Hello,
I am attempting to implement a billback model and finding myself stymied by the way that sreport handles job arrays. Basically, when a user submits a large array, their usage includes time that jobs in the back of the array spend waiting their turn. (My #1 user in “sreport user topusage” shows more “used” cpu*minutes than the cluster physically _has_ during that interval.) However, jobs that are idle pending resources are simply regarded as pending; as a result, a “polite” user who submits an array of 1000 jobs running N at a time is penalized over a user who just dumps 1000 loose jobs into the queue. This incentives my users to do exactly what I do not want!

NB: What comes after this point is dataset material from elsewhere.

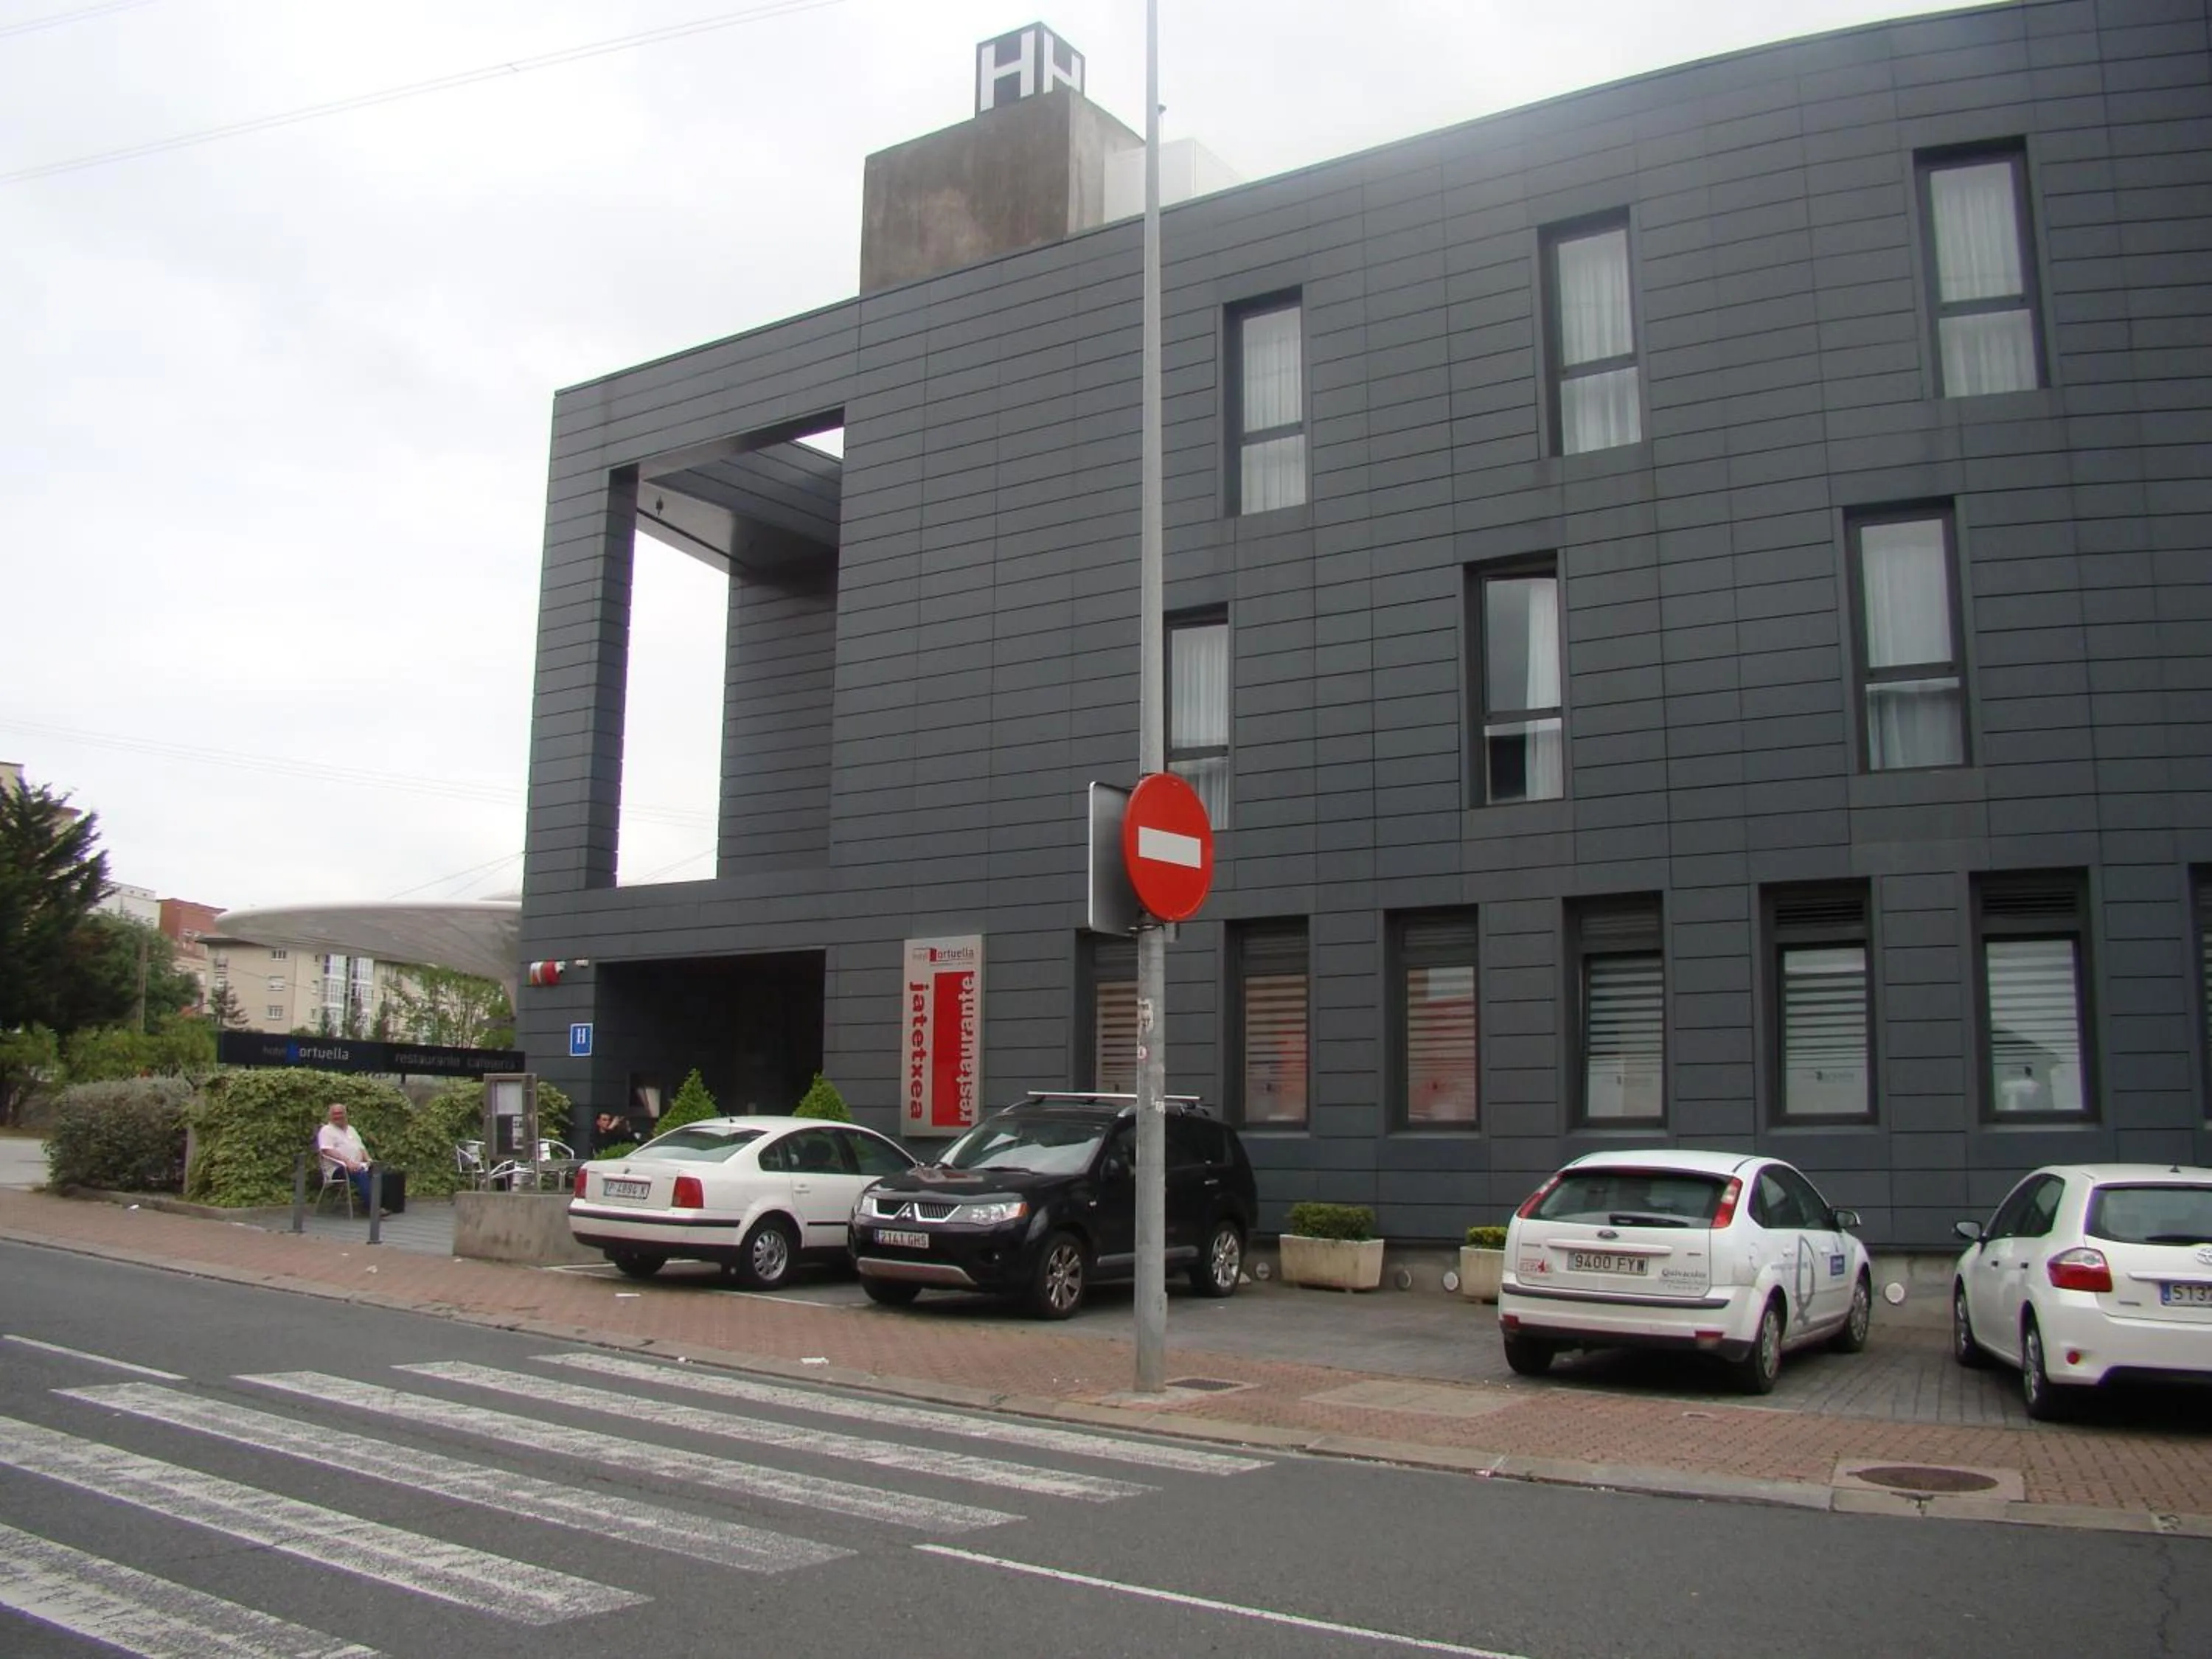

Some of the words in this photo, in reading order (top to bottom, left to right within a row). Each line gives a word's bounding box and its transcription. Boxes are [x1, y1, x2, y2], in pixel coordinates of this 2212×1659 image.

Has anyone tried to bill their users based on the results of sreport? If so, how did you work around this problem? What did you use to determine the # of CPU*Minutes that a user actually allocated on during a given interval?
--
Chip Seraphine Grid Operations For support please use help-grid in email or slack. This e-mail and any attachments may contain information that is confidential and proprietary and otherwise protected from disclosure. If you are not the intended recipient of this e-mail, do not read, duplicate or redistribute it by any means. Please immediately delete it and any attachments and notify the sender that you have received it by mistake. Unintended recipients are prohibited from taking action on the basis of information in this e-mail or any attachments. The DRW Companies make no representations that this e-mail or any attachments are free of computer viruses or other defects.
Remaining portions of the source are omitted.